Damaged culvert, pipe leads to 100,000 gallon waste water spill in Tyler

Damaged culvert, pipe leads to 100,000 gallon waste water spill in Tyler
The city created a bypass to stop the overflow. (Source: KLTV)
The city created a bypass to stop the overflow. (Source: KLTV)
The bypass was set up Saturday morning, and added to on Saturday afternoon. (Source: KLTV)
The bypass was set up Saturday morning, and added to on Saturday afternoon. (Source: KLTV)
Part of the TxDOT culvert that runs beneath Texas College Road fell and damaged the sewage pipe on May 26. (Source: KLTV)
Part of the TxDOT culvert that runs beneath Texas College Road fell and damaged the sewage pipe on May 26. (Source: KLTV)

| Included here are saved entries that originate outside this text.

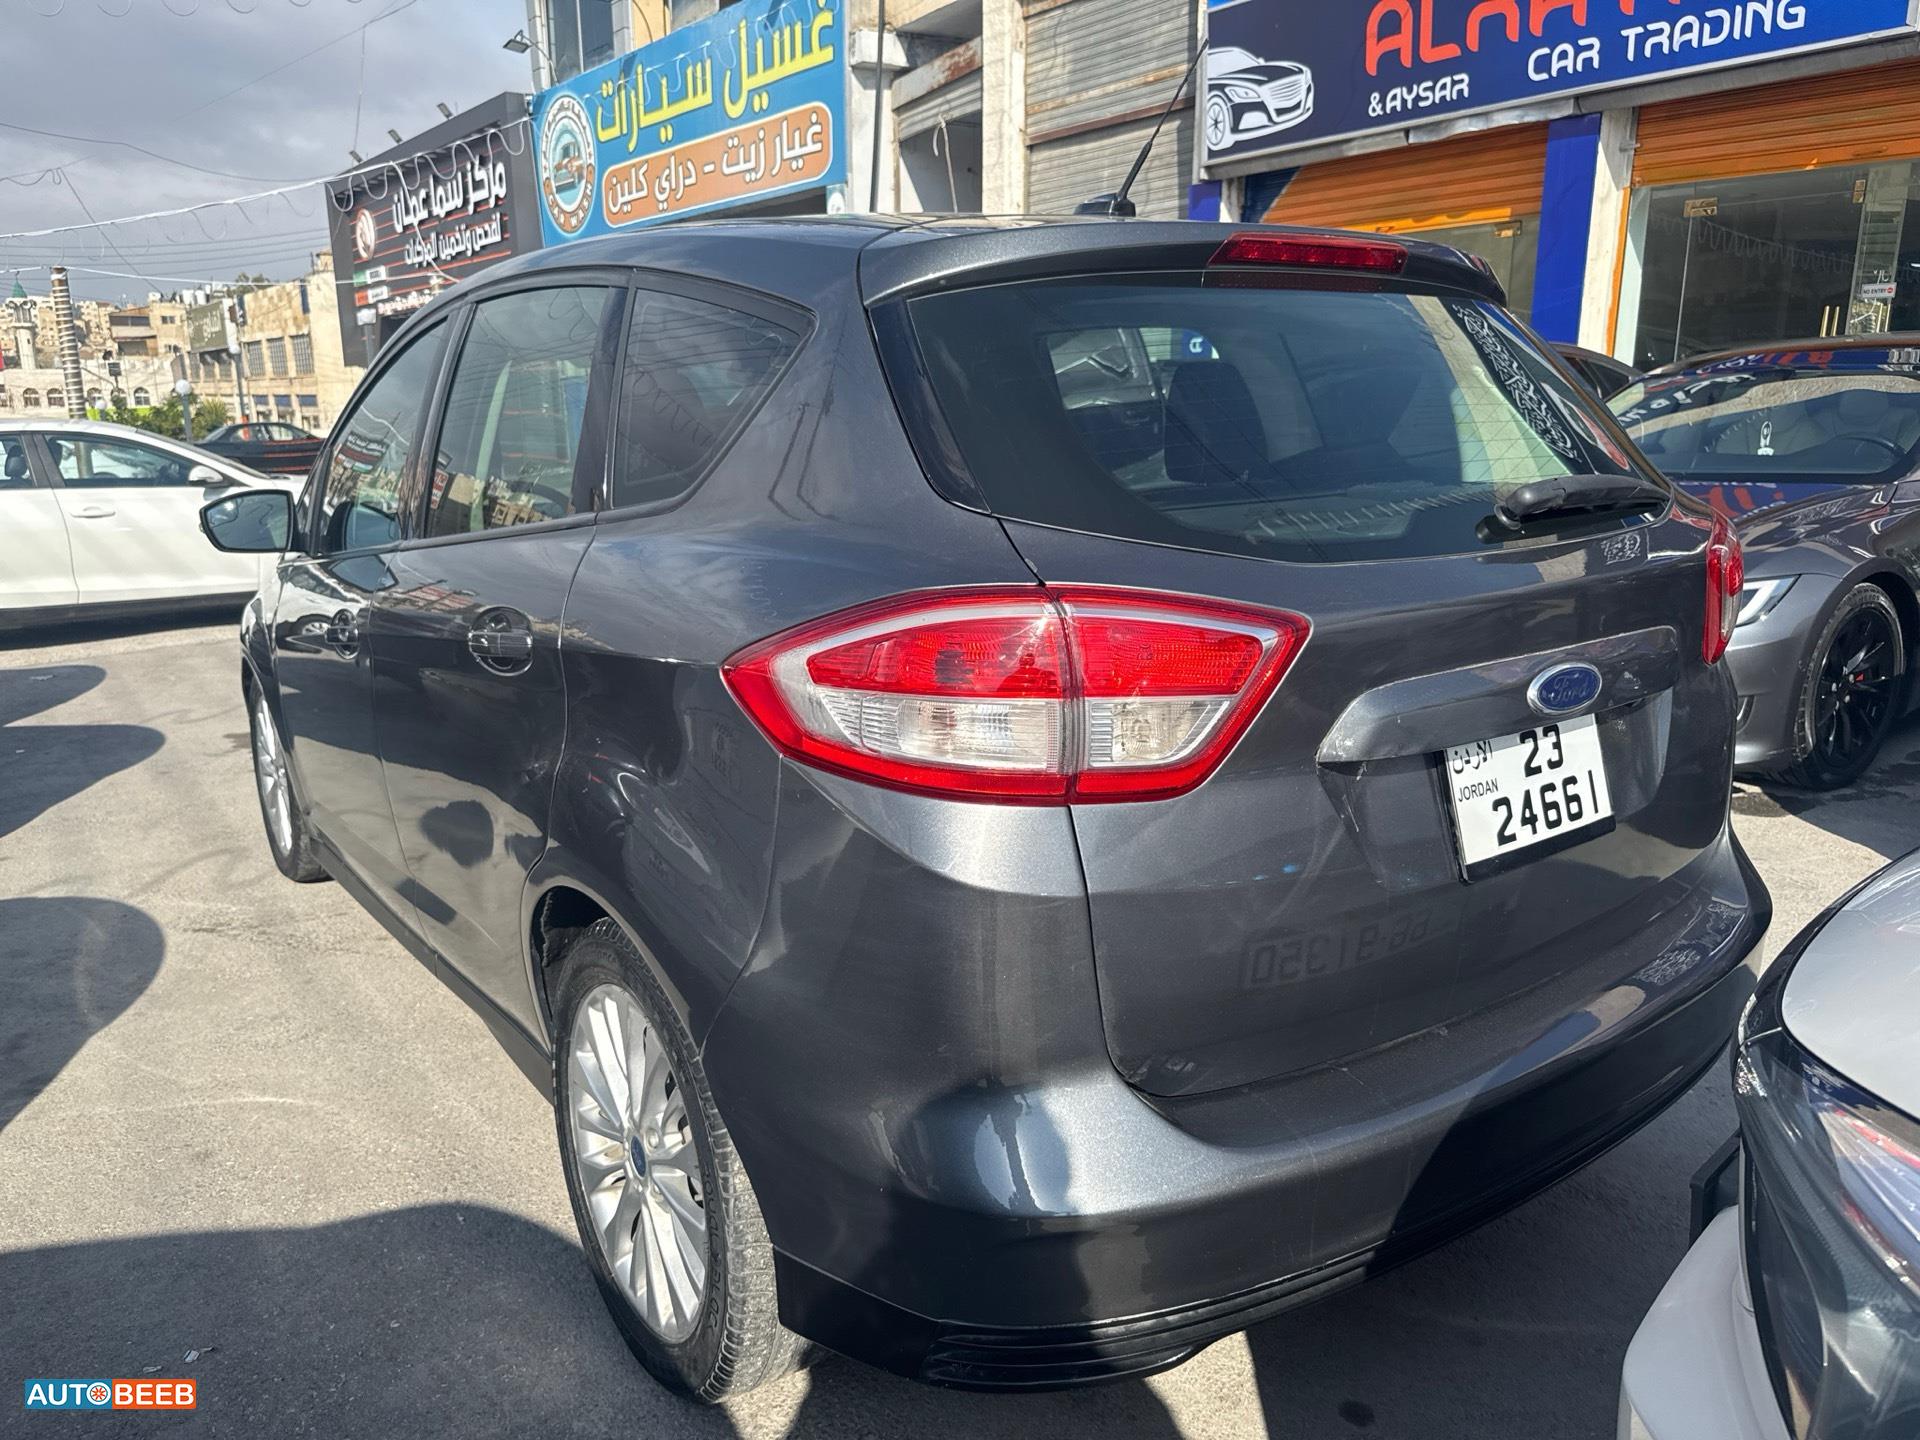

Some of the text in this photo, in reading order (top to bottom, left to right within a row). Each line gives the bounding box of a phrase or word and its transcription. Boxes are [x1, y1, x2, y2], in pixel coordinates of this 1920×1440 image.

[723, 0, 834, 119] غسيل
[1527, 0, 1806, 82] CAR TRADING
[595, 56, 713, 152] سيارات
[722, 127, 766, 183] زيت
[771, 111, 823, 177] غيار
[392, 156, 507, 233] مركز سما عمان
[549, 195, 564, 224] CAR
[607, 160, 649, 214] كلين
[654, 153, 697, 210] دراي
[1519, 723, 1564, 778] 23
[1458, 778, 1498, 802] JORDAN
[1492, 770, 1599, 847] 24661

TYLER, TX (KLTV) - More than 100 thousand gallons of domestic wastewater mixed with rainwater discharged into a Tyler creek this weekend.

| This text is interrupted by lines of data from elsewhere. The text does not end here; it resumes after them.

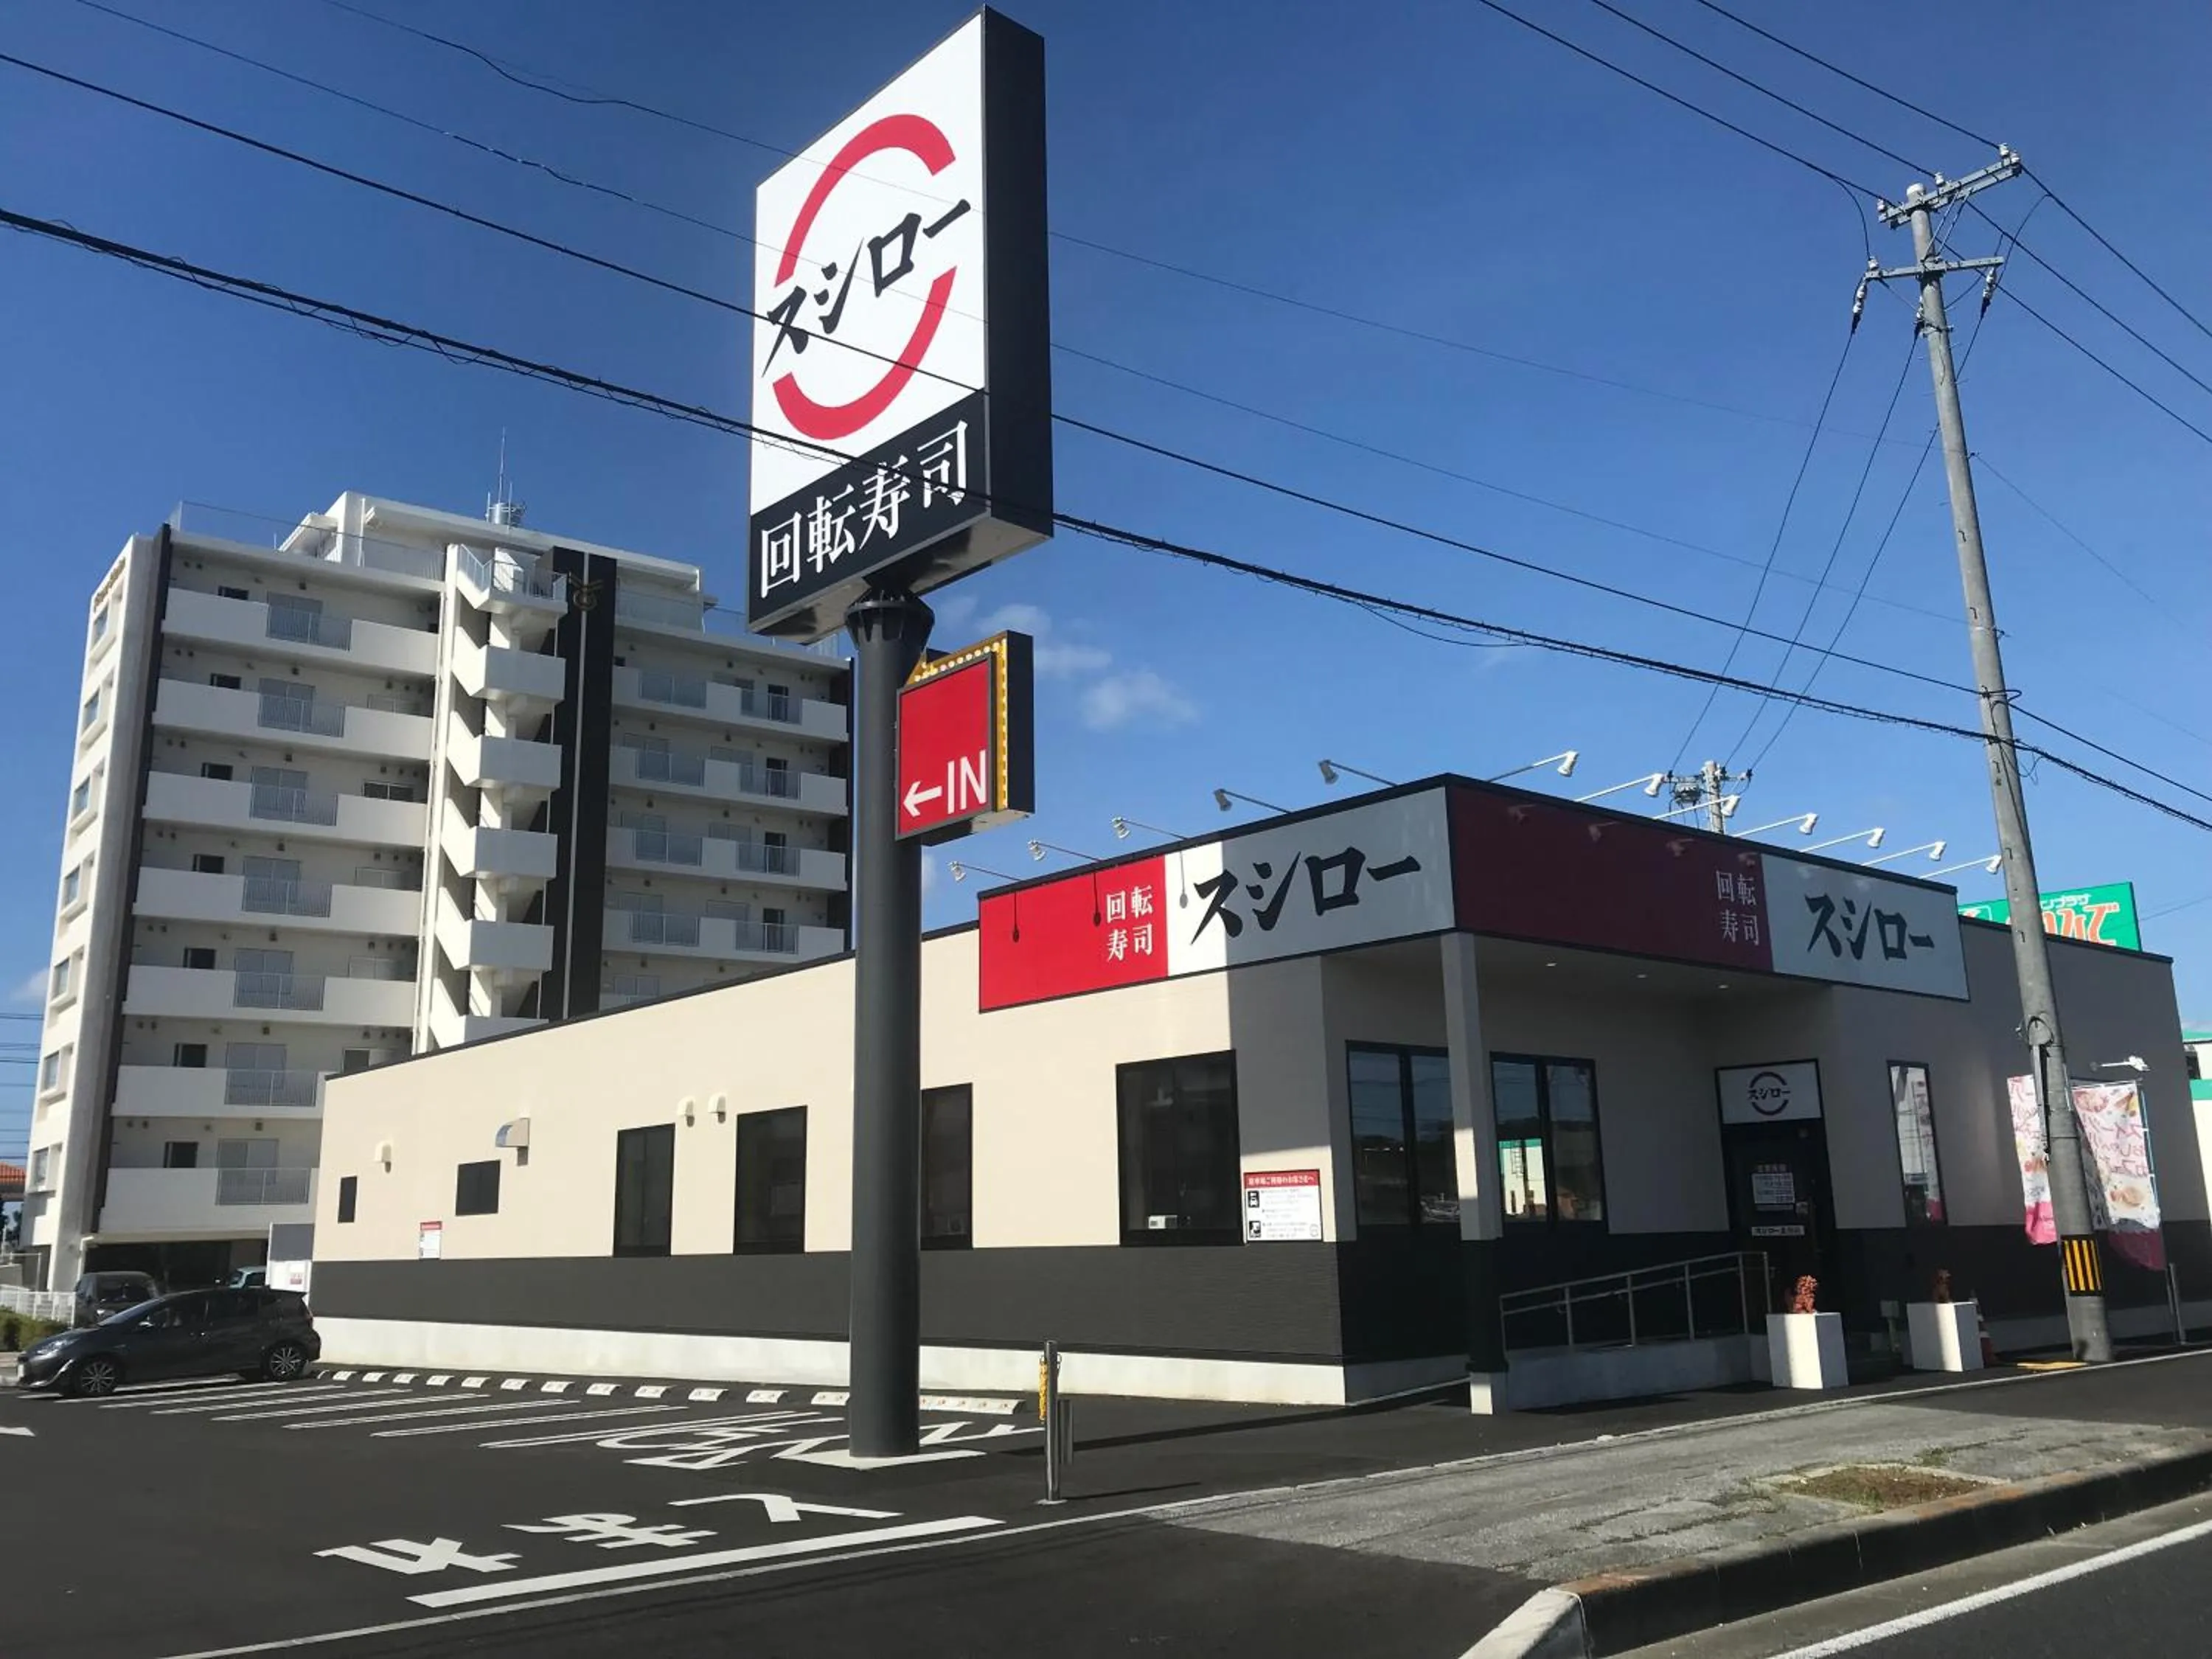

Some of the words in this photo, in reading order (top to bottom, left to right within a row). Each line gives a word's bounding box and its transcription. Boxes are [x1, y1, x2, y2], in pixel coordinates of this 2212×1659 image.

[762, 199, 971, 378] スシロー
[760, 420, 968, 599] 回転寿司
[947, 749, 987, 814] IN
[1106, 884, 1155, 922] 回転
[1191, 846, 1421, 945] スシロー
[1715, 870, 1757, 908] 回転
[1107, 923, 1155, 962] 寿司
[1719, 908, 1760, 947] 寿司
[1804, 893, 1935, 960] スシロー
[1747, 1088, 1791, 1101] スシロー

According to the City of Tyler, excess storm water caused a damaged sewage pipe to overflow. The excess came out of a manhole at W NW Loop 323 and Texas College Road.

The problem began on May 26, when part of an eroded TxDOT culvert fell and damaged the City of Tyler wastewater line that runs beneath it.

"The culvert headwall fell," Interim Director of Utilities and Public Works Gordon Mayer said. "It dropped onto our 42-inch sewer line."

The city patched the damage and was monitoring the pipe for any issues while waiting for a contractor to complete a full repair. But before the repair could be completed, heavy rain came through.

"The excess water [on Saturday] was not able to get through the damaged area," Mayer said. "So it started flowing out from a manhole at Black Fork Creek."

Because the city was monitoring the site, they were able to begin a bypass immediately, which took one hour. The overflow was stopped for several hours but began again in the afternoon when the second round of rain passed.

The city increased the temporary infrastructure and the overflow was stopped again.

In total, wastewater and storm water flowed out of a manhole for four or five hours into the creek, which flows into the Neches River and into Lake Palestine.

The city is continuing to monitor the area and maintain the patch, with a full crew working at the site. Texas Parks and Wildlife is also moving along the creek, testing the water to determine a specific level of contaminants.

The city says this event will not affect its ability to provide clean drinking water, and that a contractor will be able to fully repair the pipe early this week.